— Provided material —
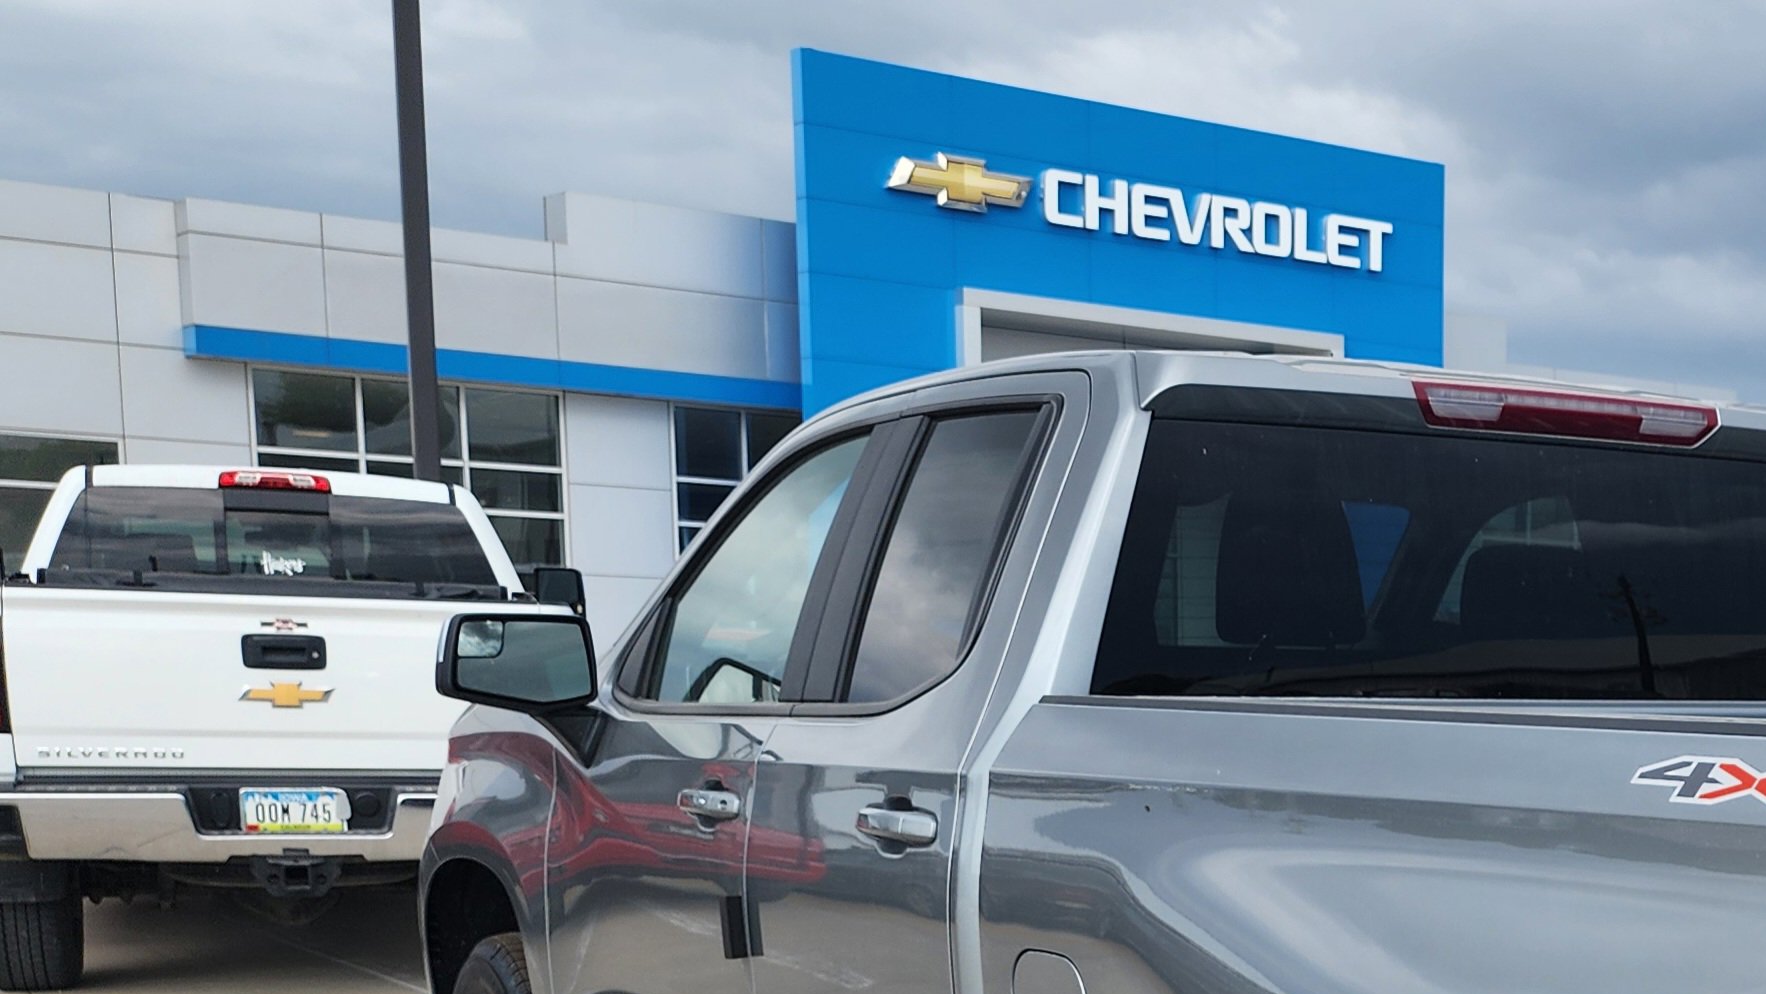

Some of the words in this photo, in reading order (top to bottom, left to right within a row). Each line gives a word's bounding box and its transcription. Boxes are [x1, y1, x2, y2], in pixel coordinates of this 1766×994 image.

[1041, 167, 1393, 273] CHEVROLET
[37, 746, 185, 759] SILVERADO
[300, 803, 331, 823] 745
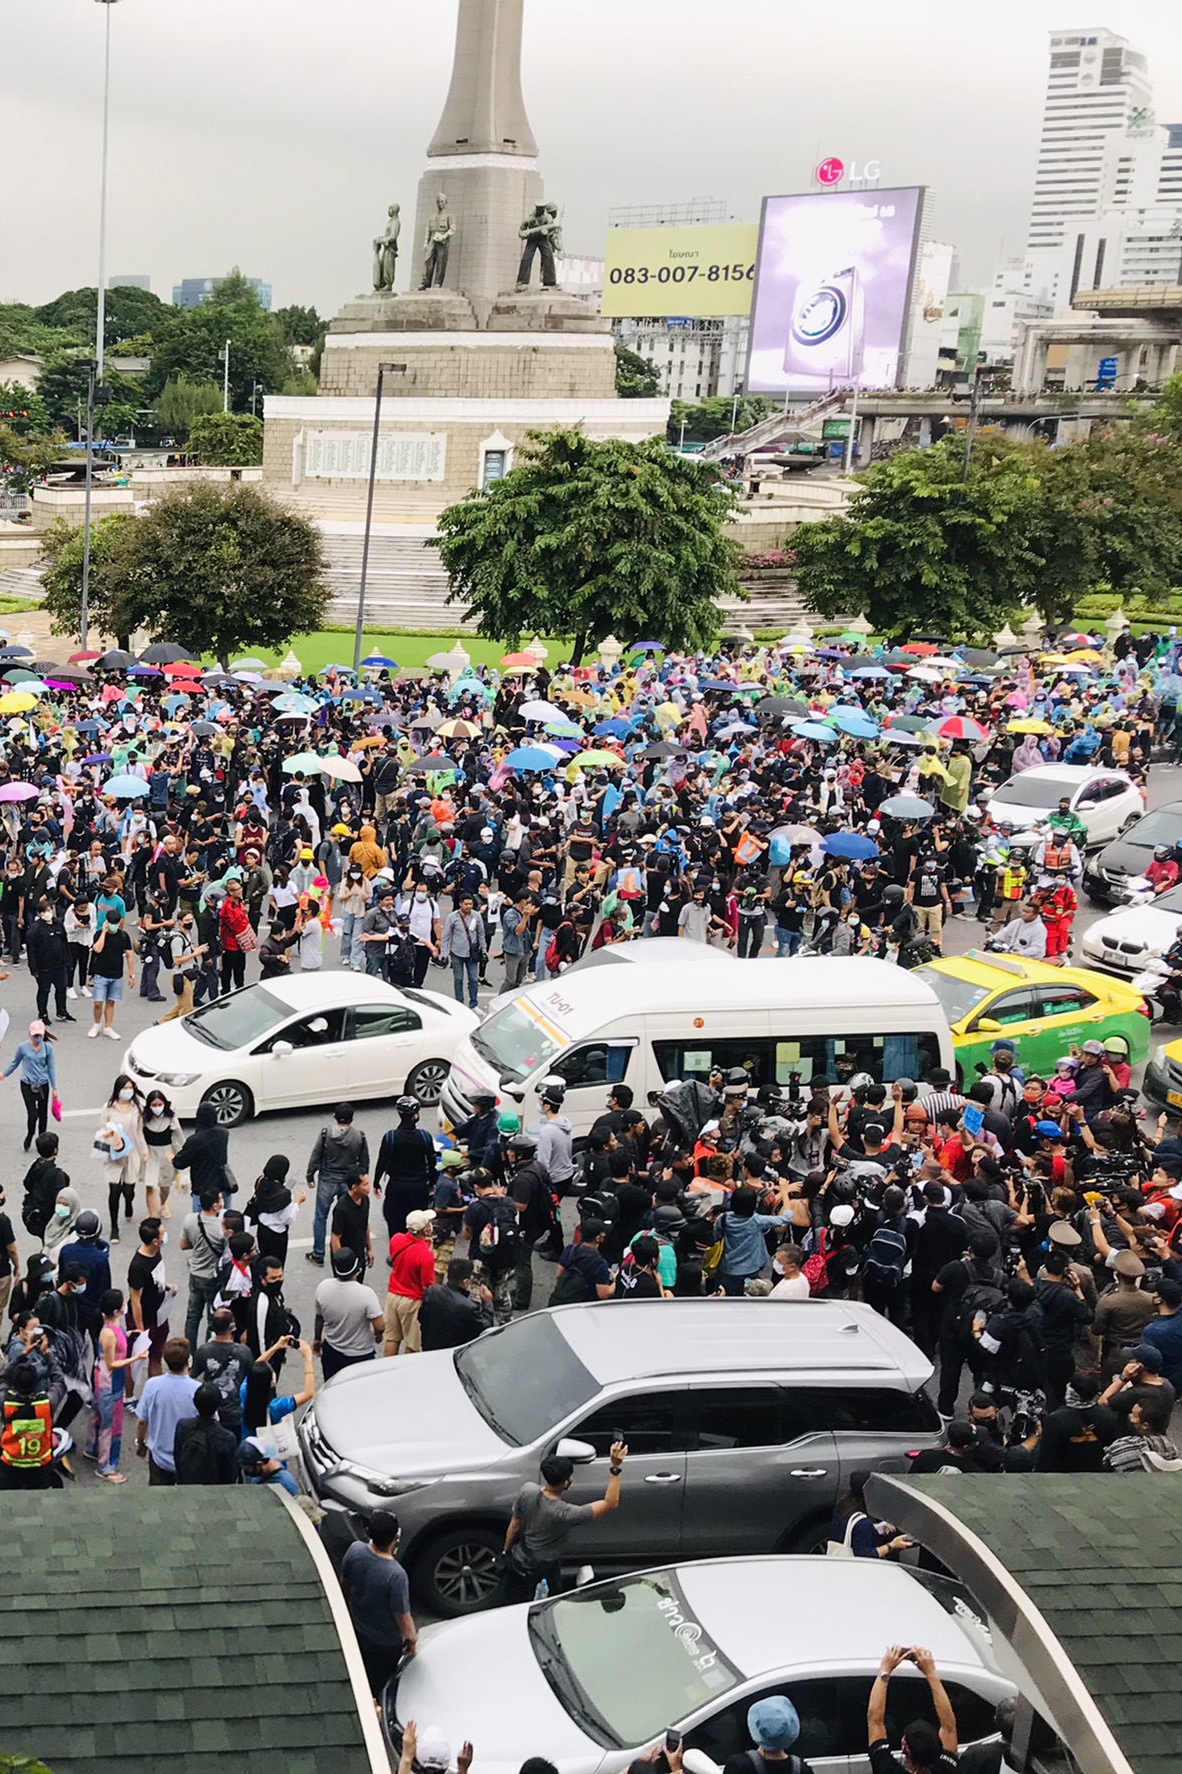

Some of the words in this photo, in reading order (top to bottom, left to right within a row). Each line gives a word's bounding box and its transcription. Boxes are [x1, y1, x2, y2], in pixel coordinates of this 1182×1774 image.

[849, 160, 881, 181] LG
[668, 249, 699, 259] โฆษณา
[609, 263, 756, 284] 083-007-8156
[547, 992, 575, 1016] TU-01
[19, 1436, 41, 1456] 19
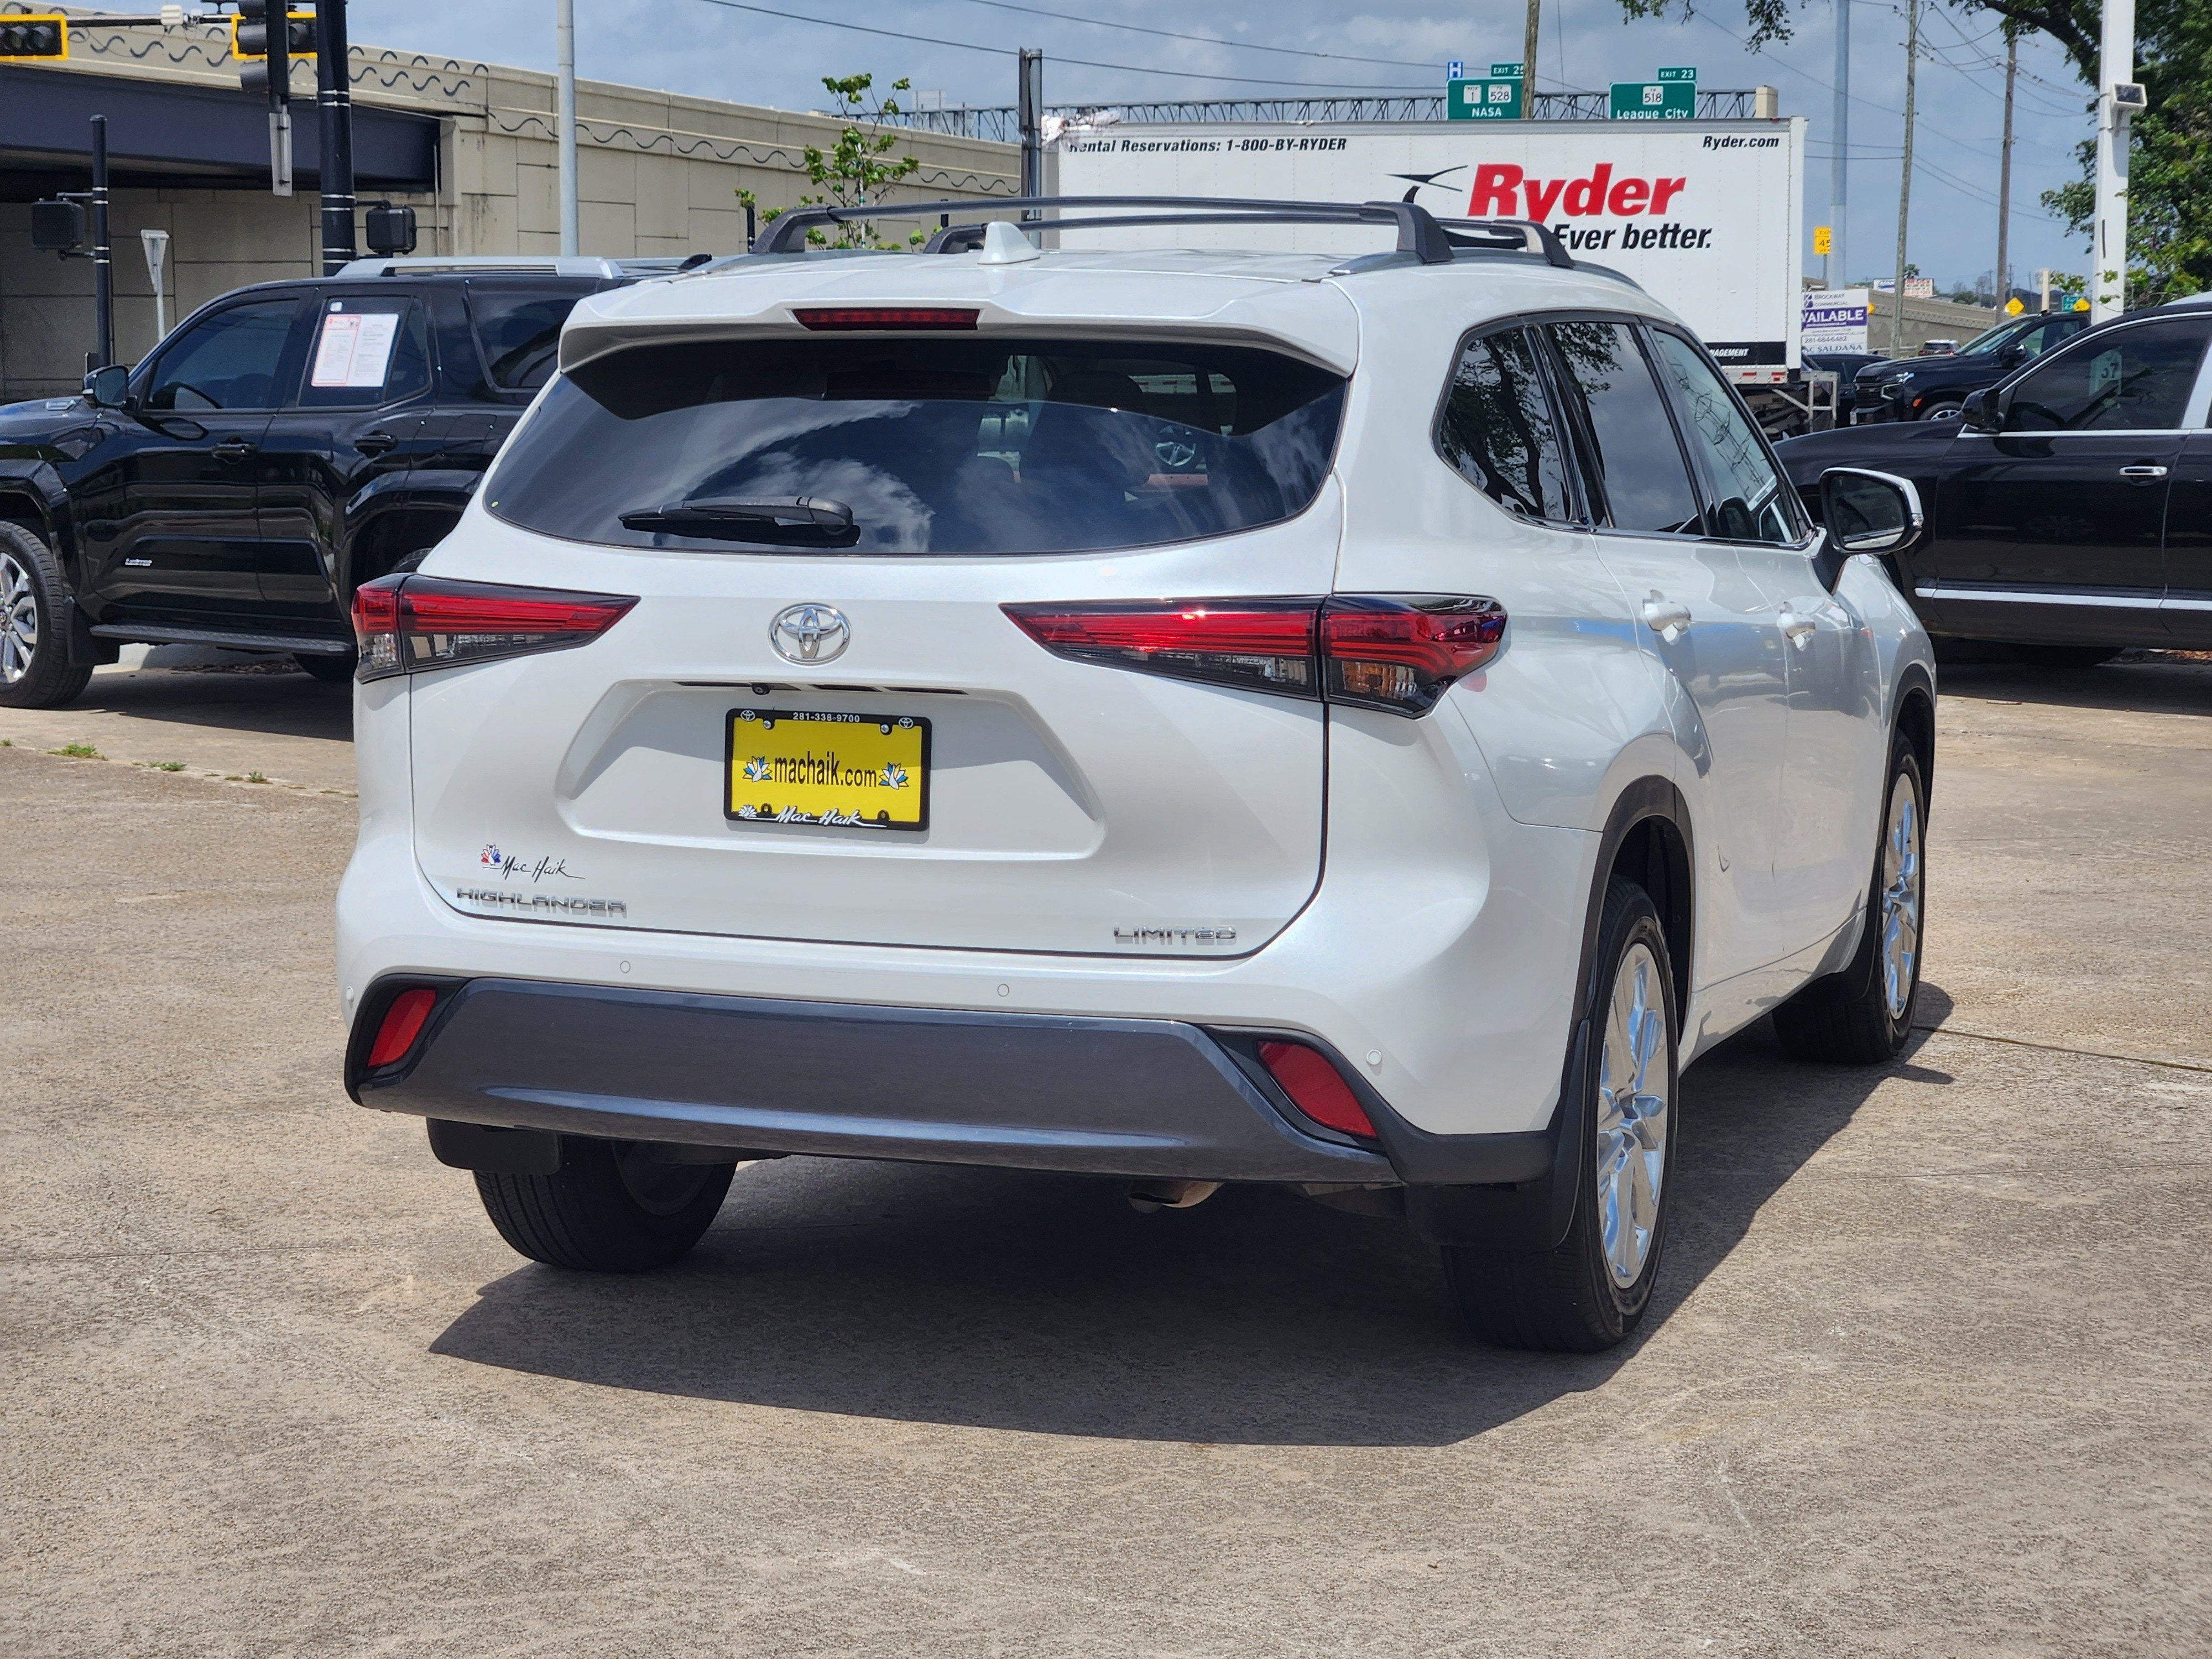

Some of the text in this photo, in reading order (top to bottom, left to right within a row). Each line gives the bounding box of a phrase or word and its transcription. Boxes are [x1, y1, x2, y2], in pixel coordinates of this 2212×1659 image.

— Problem statement —
Leave out every picture, and repeat word for word only the lines from the one holding "this 1182×1774 image." through the end of the entries above, both ends included.

— The answer —
Some of the words in this photo, in reading order (top to bottom, left to right within a row). Each line gives a word's bounding box and its transcription. Boxes are [x1, y1, x2, y2], in pixel coordinates of this 1182×1774 image.

[849, 160, 881, 181] LG
[668, 249, 699, 259] โฆษณา
[609, 263, 756, 284] 083-007-8156
[547, 992, 575, 1016] TU-01
[19, 1436, 41, 1456] 19

Some of the text in this photo, in reading order (top to bottom, left to right within a row). Each line gives the bounding box of a phrase or word and its transcription. Boxes are [x1, y1, x2, y2], in pixel coordinates of this 2212×1659 image.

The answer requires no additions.